The biggest benefit for me has come from using this list in conversation, when I am trying to explain the basics of AI risk to someone, or am generally discussing the topic. Before this list came out, I would often have to come up with an example of some specification gaming problem on the fly, and even though I would be confident that my example was representative, it couldn't be sure that it actually happened, which often detracted from the point I was trying to make. After this list came out, I just had a pre-cached list of many examples that I could bring up at any point that I knew had actually happened, and where I could easily reference and find the original source if the other person wanted to follow up on that. 

This looks great, and I think some of the work started by Scott Garrabrant on categorizing Goodhart's law addresses one component of this - but I think there is more and useful work on further categorizing the failure modes. This list looks like a good resource for doing so. On the other hand, I think the categorization would be helped by looking at non AI/ML systems to see how gaming occurs more widely. (Humans game systems differently than AI currently does, in part because we're still smarter. That means looking at humans might help understand how else AI can game metrics.)

For a take on the topic that goes much farther outside the realm of AI examples, see my older blog post on measurement: https://www.ribbonfarm.com/2016/06/09/goodharts-law-and-why-measurement-is-hard/

I see this referred to a lot, and also find myself referring to it a lot. Having concrete examples of specification gaming is a valuable shortcut when explaining safety problems, as a "proof of concept" of something going wrong.

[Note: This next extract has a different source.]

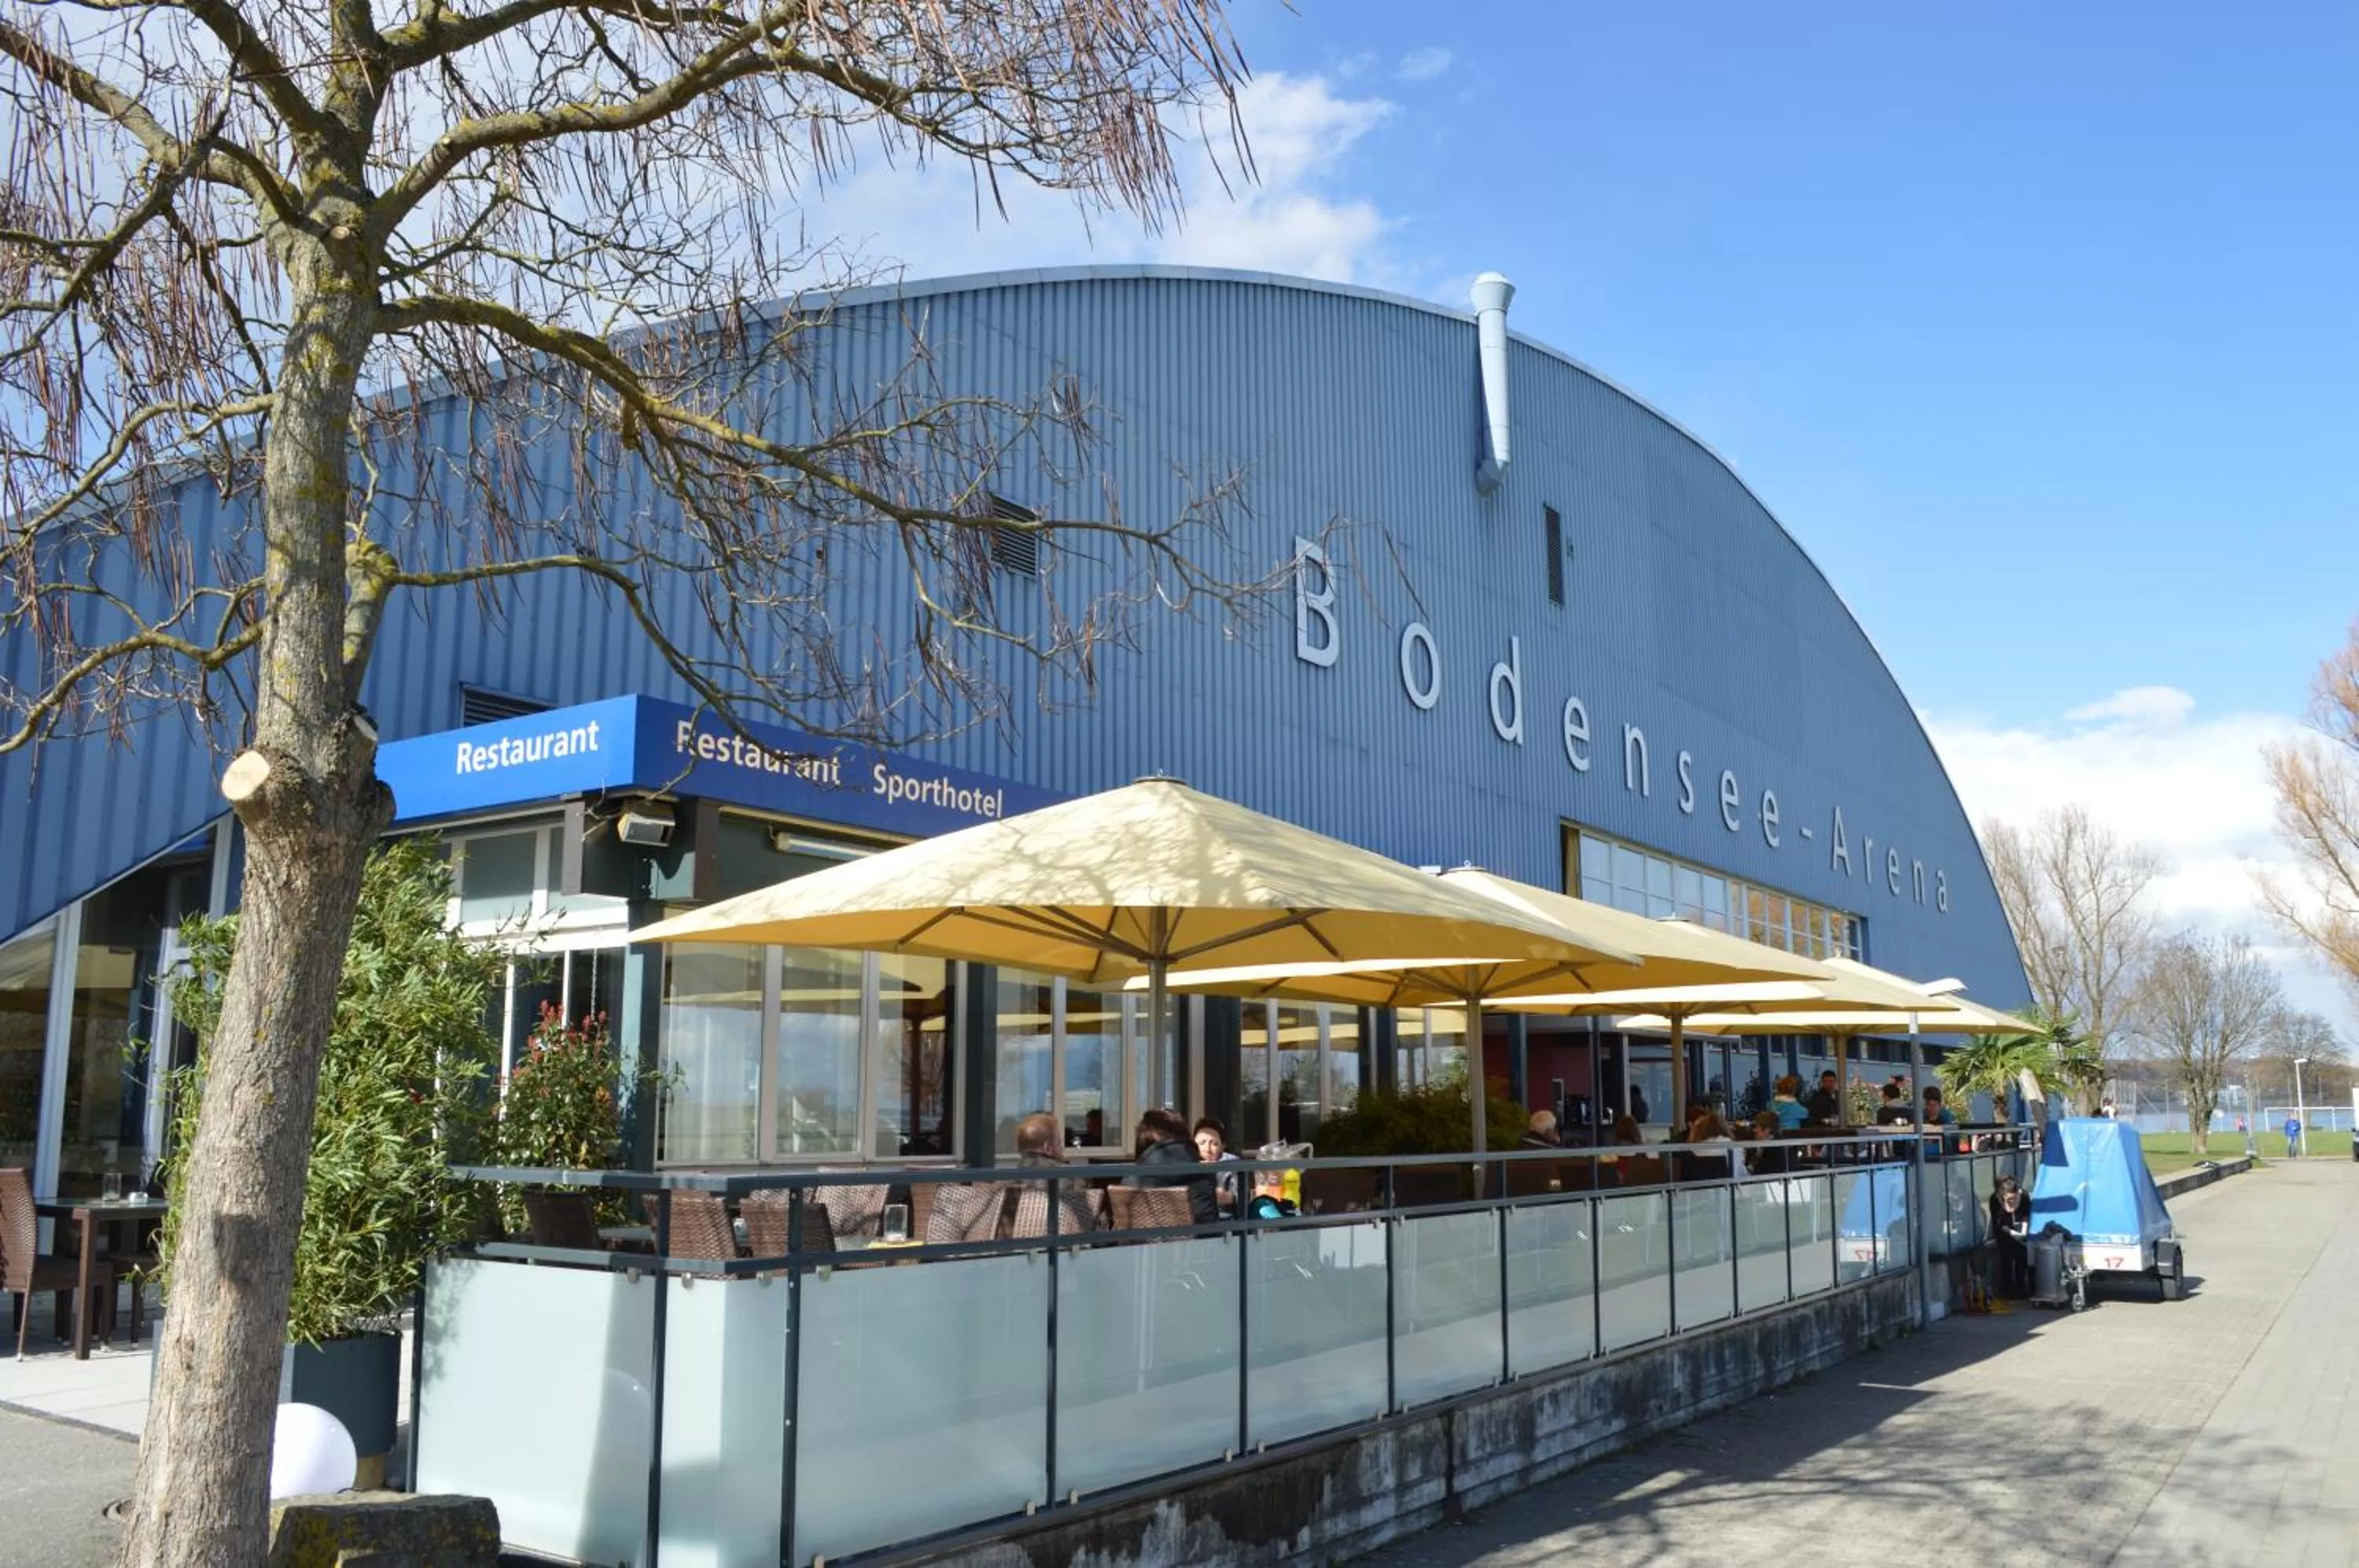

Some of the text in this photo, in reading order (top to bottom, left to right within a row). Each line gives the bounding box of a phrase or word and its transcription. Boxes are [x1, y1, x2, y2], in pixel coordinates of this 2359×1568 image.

These are an absolute blast. I'm not rating it as important because it all seems so obvious to me that it would go down like this, and it's hard to see why people need convincing, but perhaps they do? Either way, it's great fun to read the examples again.

It's really valuable to make records like this. Insofar as it's accurate, and any reviewers can add to it, that's great. (Perhaps in the future it could be a wiki page of some sort, but for now I think it was a very valuable thing that got posted in 2018.)

Thanks Ben! I'm happy that the list has been a useful resource. A lot of credit goes to Gwern, who collected many examples that went into the specification gaming list: https://www.gwern.net/Tanks#alternative-examples.

Thanks a lot for this post. I think “specification gaming” is an essential problem to solve but also possibly one of the hardest to make progress on, so it’s great to see resources aimed at helping people do that. I was unaware of CycleGAN, but it sounds very interesting and I plan to look into it. Thanks for posting something that put me onto an interesting obvservation!